Sans contester le sentiment exprimé par René Préval, et notamment le besoin réel de voir le développement et la reconstruction s'accélérer en Haïti, Edmond Mullet a en revanche rejeté l'idée selon laquelle la MINUSTAH devrait s'investir plus dans le développement.

« Chacun fait son boulot, chacun a sa responsabilité », a-t-il déclaré au micro de Radio Métropole, soulignant que développement et créations d'emplois nécessitaient des opportunités économiques qui dépendaient des investissements nationaux ou internationaux, eux-mêmes liés directement à la stabilité du pays, à la sécurité et à la construction d'un état de droit.

« Nous n'allons pas abandonner nos responsabilités sécuritaires et de stabilisation pour prendre en charge des responsabilités liées au développement », a-t-il encore insisté, avant d'écarter aussi l'idée selon laquelle un plan de désengagement de l'ONU en Haïti serait à l'étude.

« Durant le mois de juin, après l'installation du nouveau gouvernement, il y aura une mission qui viendra de New York pour évaluer la situation sécuritaire, la stabilité dans le pays, et discuter avec les nouvelles autorités des aménagements à faire, notamment le retour au niveau de présence d'avant le tremblement de terre », a-t-il indiqué.

Questionné ensuite par les journalistes sur le bilan du Président René Préval, qui cèdera bientôt le pouvoir au nouveau Président élu, Michel Joseph Martelly, Edmond Mulet a rappelé que « pour la première fois en Haïti, sous les deux présidences de M. René Préval, il n'y avait pas eu de violences d'Etat, pas d'ordres d'exil, ni d'assassinats ».

« Cette violence d'Etat a été coupée nette par le Président Préval, et c'était une première pour Haïti. La liberté d'expression, la liberté de presse ont aussi été aussi absolues et complètes dans le pays », a-t-il encore ajouté, avant de saluer aussi l'ouverture de René Préval, qui « a fait appel à beaucoup de leaders d'autres partis dans des gouvernements d'unité nationale » et joué le jeu d'élections démocratiques, avec deux candidats issus de l'opposition au deuxième tour pour la première fois dans l'histoire d'Haïti ».

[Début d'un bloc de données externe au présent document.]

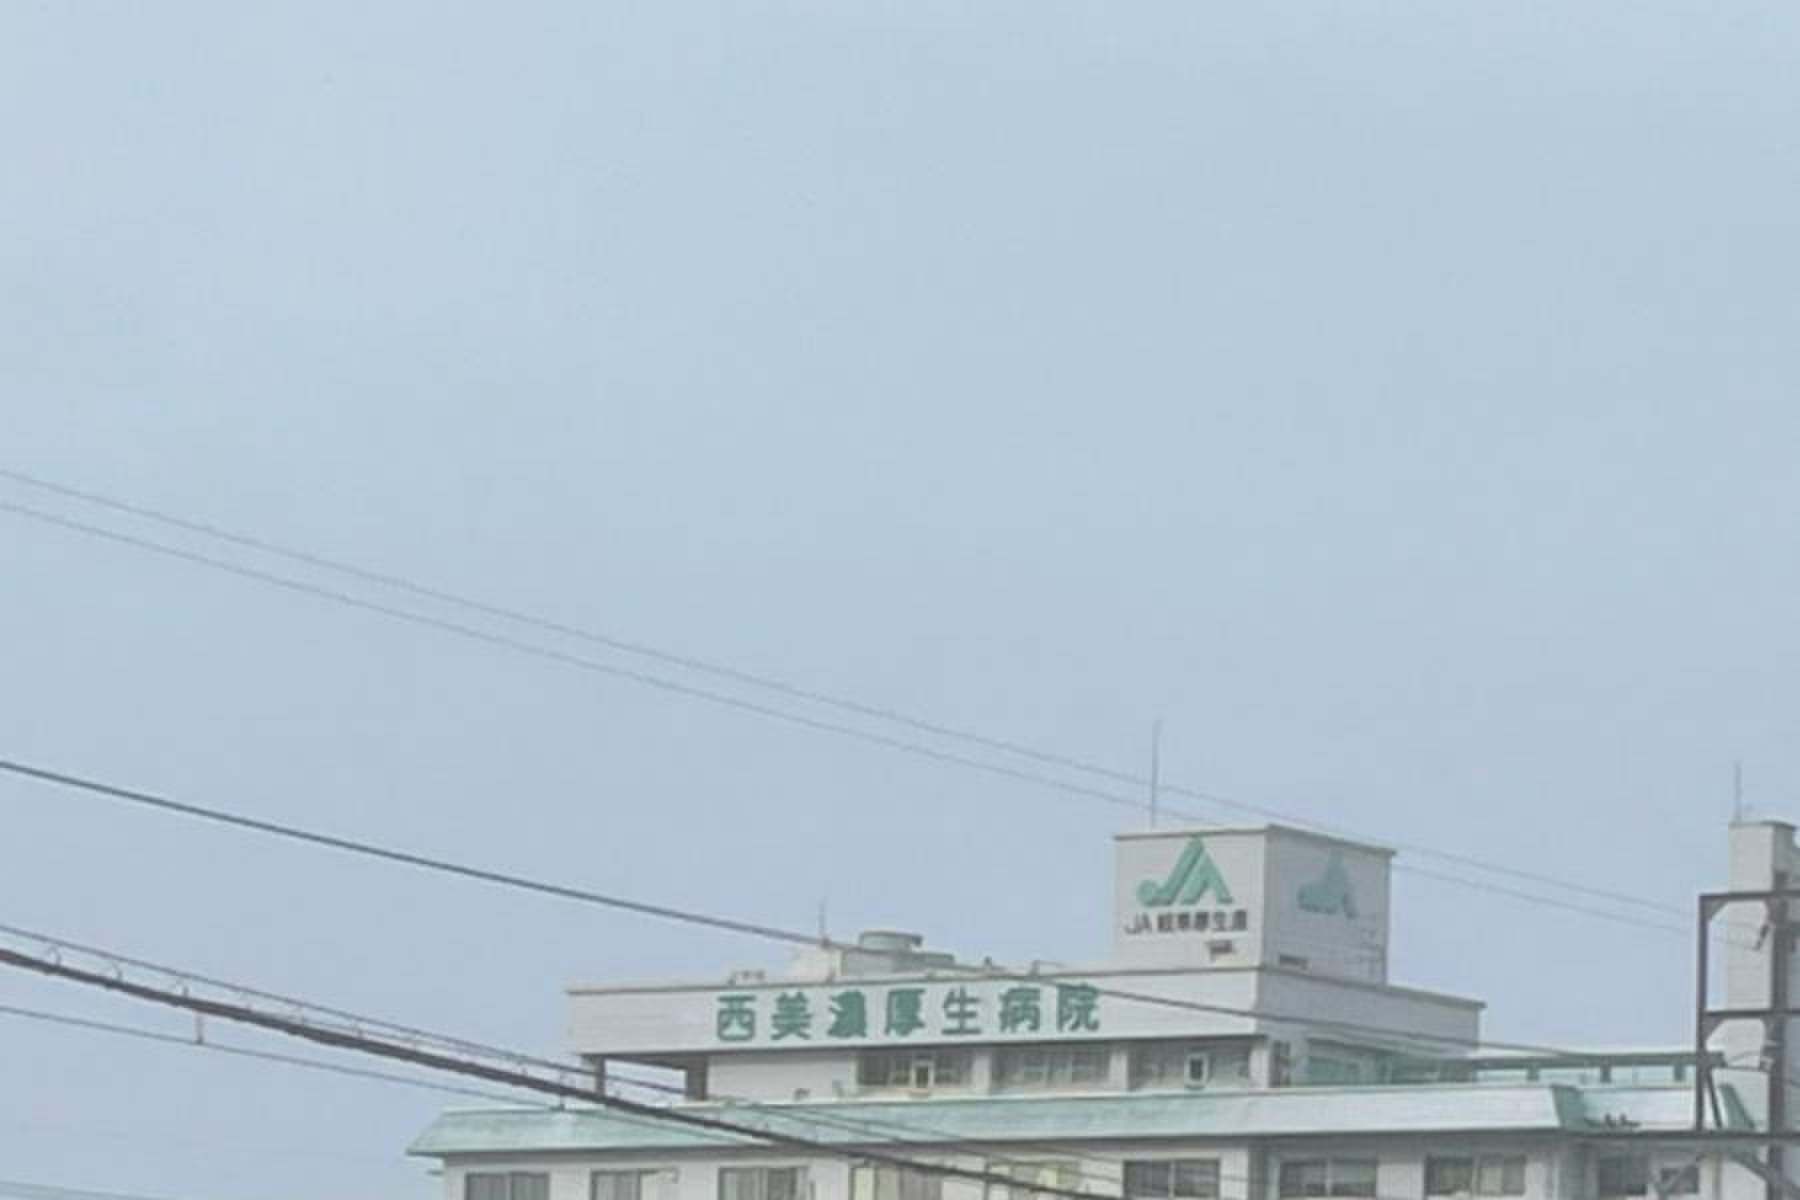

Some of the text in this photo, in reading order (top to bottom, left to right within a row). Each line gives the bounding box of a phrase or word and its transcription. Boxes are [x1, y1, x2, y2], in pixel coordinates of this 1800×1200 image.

[716, 983, 1100, 1042] 西美濃厚生病院
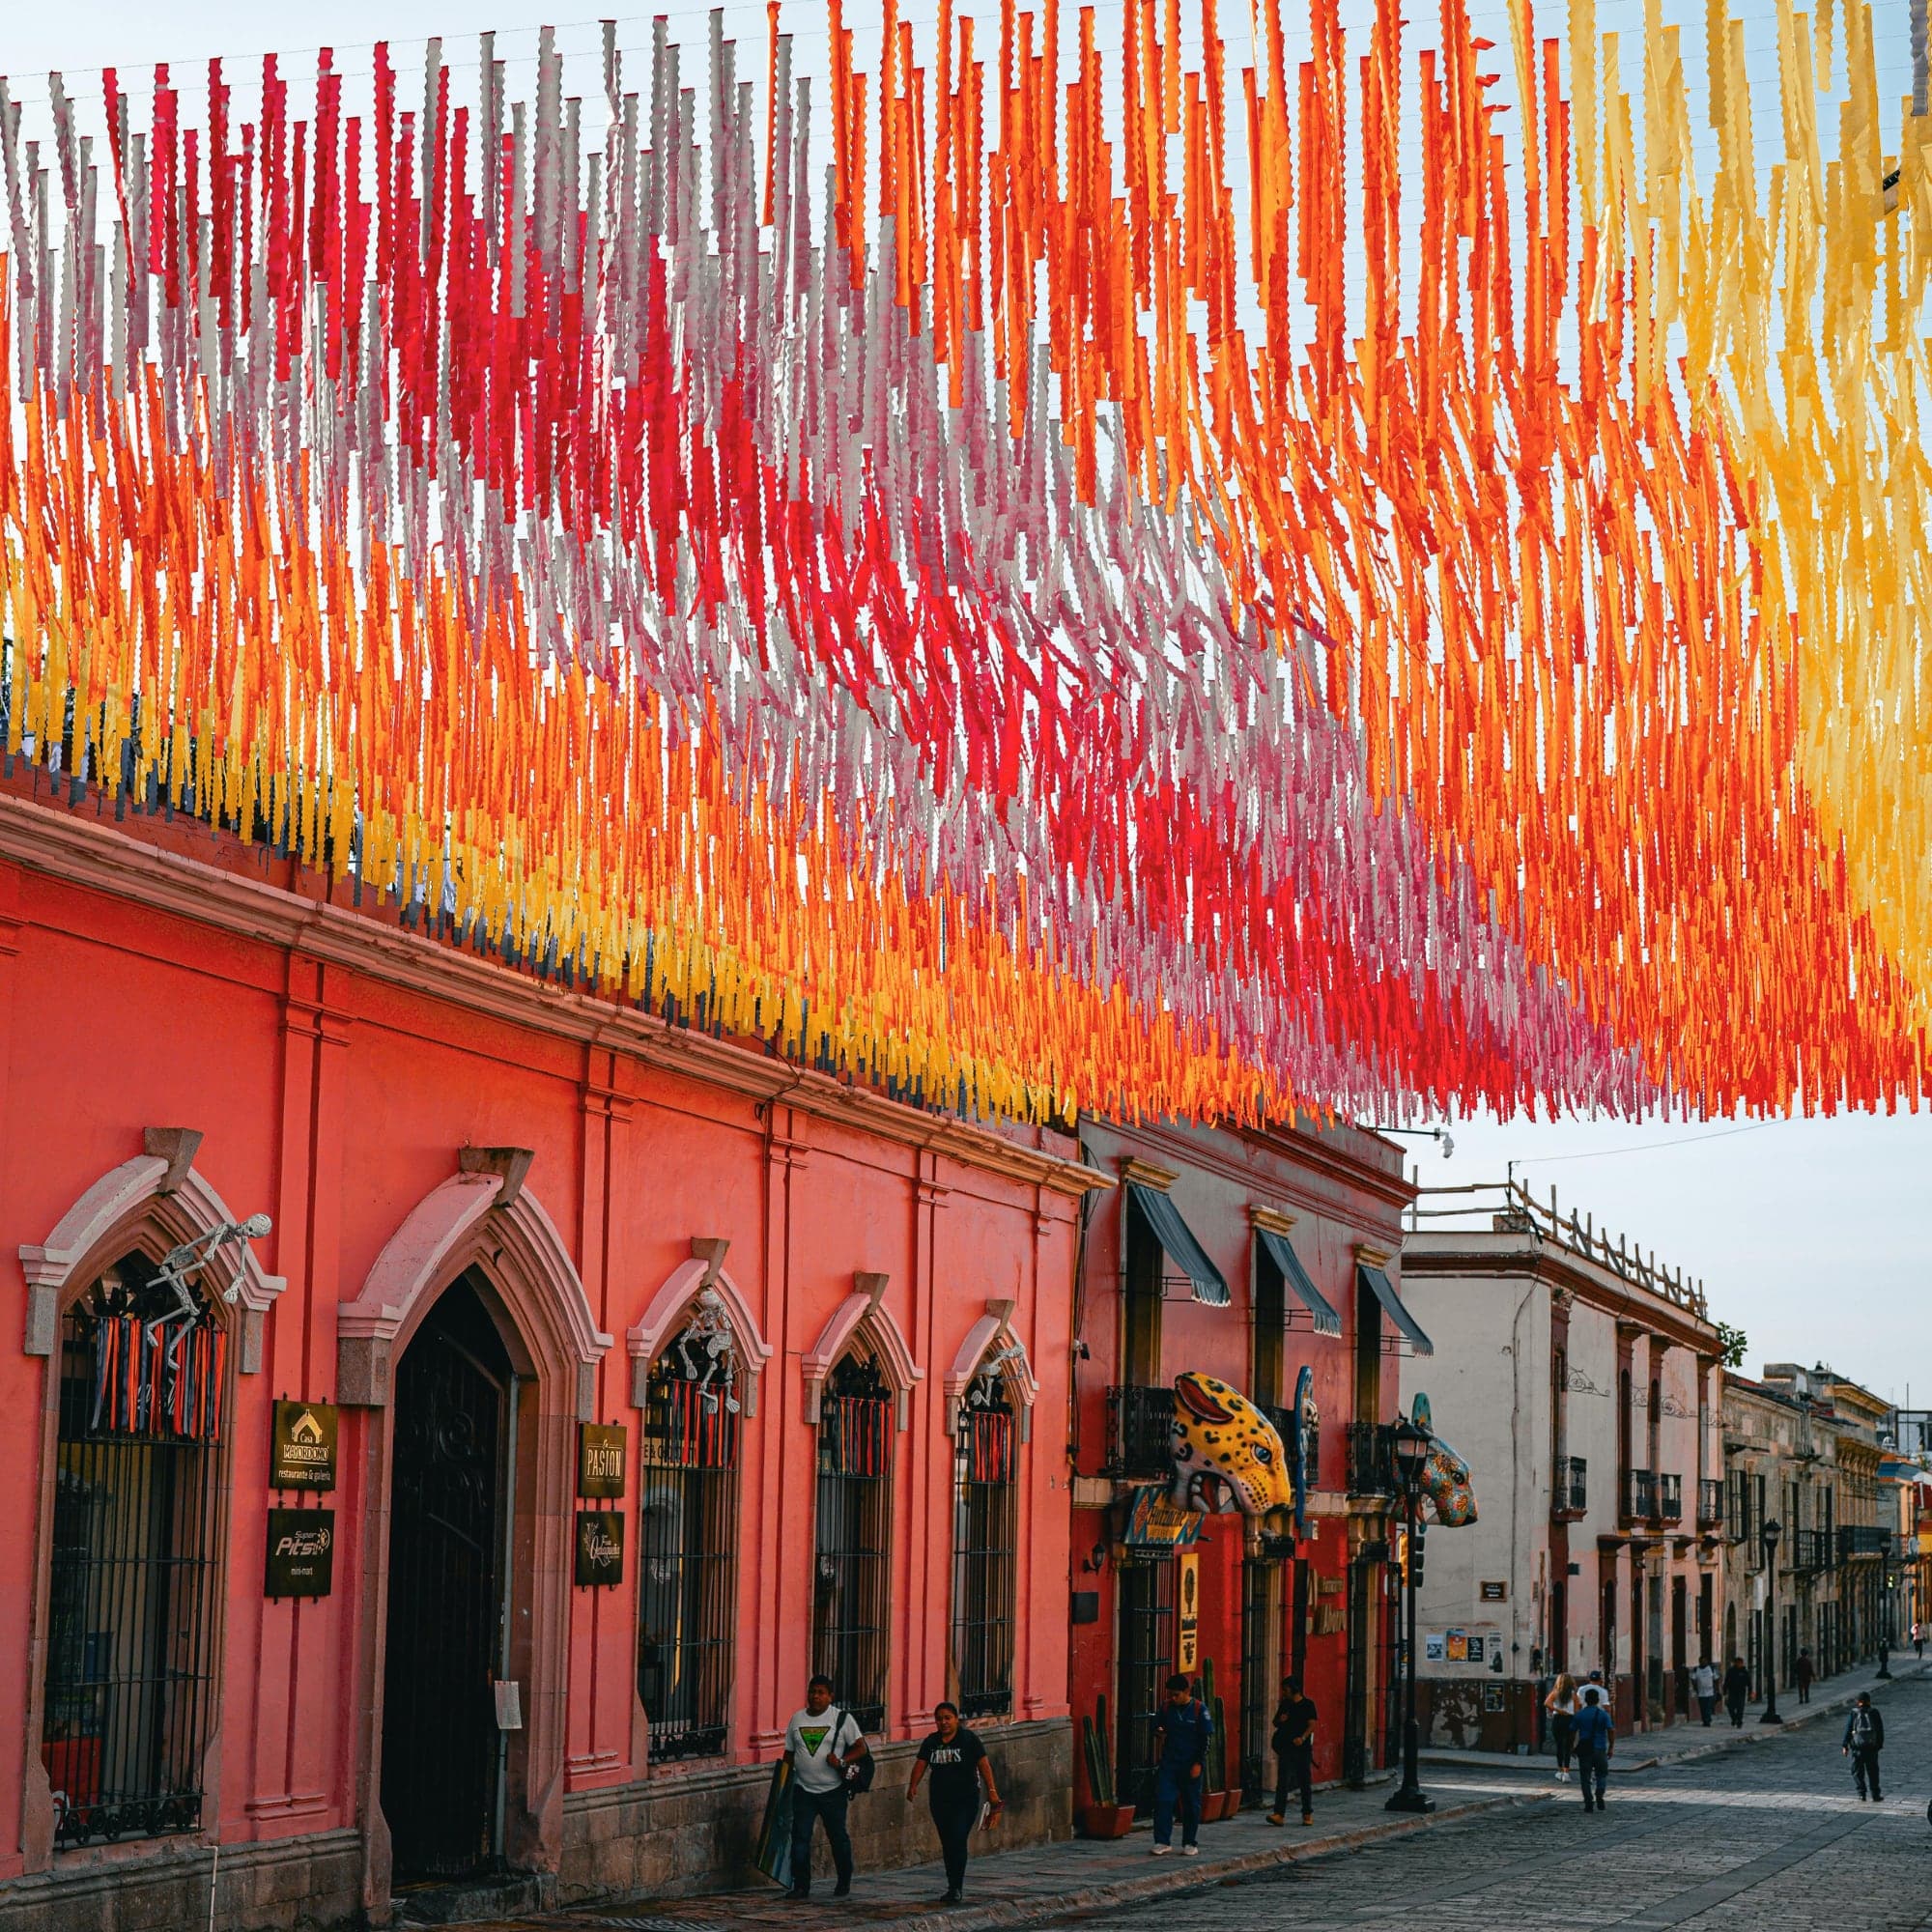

Evoquant l'avenir et les attentes internationales à l'égard du nouveau Président Martelly, le Représentant spécial de l'ONU a insisté sur l'importance de voir « des nominations de ministres, de fonctionnaires, de personnes qui soient vraiment honnêtes, reconnues pour leur intégrité et leurs capacités ».

En jeu pour Edmond Mulet, la nécessité impérative « de renforcer ces capacités de l'Etat qui étaient déjà, avant le tremblement de terre, assez fragiles, et qui le sont encore plus depuis ». Pour y arriver, la communauté internationale doit pouvoir s'appuyer sur un leader ayant « une vision sur la manière de faire avancer le pays vers le développement ».

« Le Président élu, M. Martelly, a identifié, comme un des piliers les plus importants de son agenda et de son programme de gouvernement, l'état de droit et, quand on parle d'état de droit, ce n'est pas seulement la police ou les prisons ou la justice », a-t-il poursuivi, expliquant notamment que l'état de droit incluait « aussi la situation du cadastre, des registres de propriétés, des registres d'état civil ».

Selon lui, ce sont aussi « les conditions nécessaires pour attirer l'investissement national et international » et ce sera « la responsabilité la plus importante du nouveau gouvernement », pour que puisse enfin être exploité le potentiel d'Haïti. « Il est là, la qualité de la main-d'œuvre haïtienne, les professionnels haïtiens, il y a du potentiel pour le tourisme, pour l'agriculture, pour les exportations ; autant de choses qui pourraient vraiment faire décoller le pays et lui permettre de sortir de ce cercle vicieux de l'assistance et de la dépendance », a-t-il indiqué.

« Je suis confiant, parce que j'ai vu l'attitude du peuple haïtien après le tremblement de terre. Enfin, cette résilience, ces efforts pour faire face à tous ces défis, à tous ces problèmes. J'ai vu cette volonté de changement exprimée par la population haïtienne. L'espoir est là, la volonté aussi. Je crois que toutes les conditions sont là pour avancer vers un meilleur futur pour le pays », a-t-il conclu.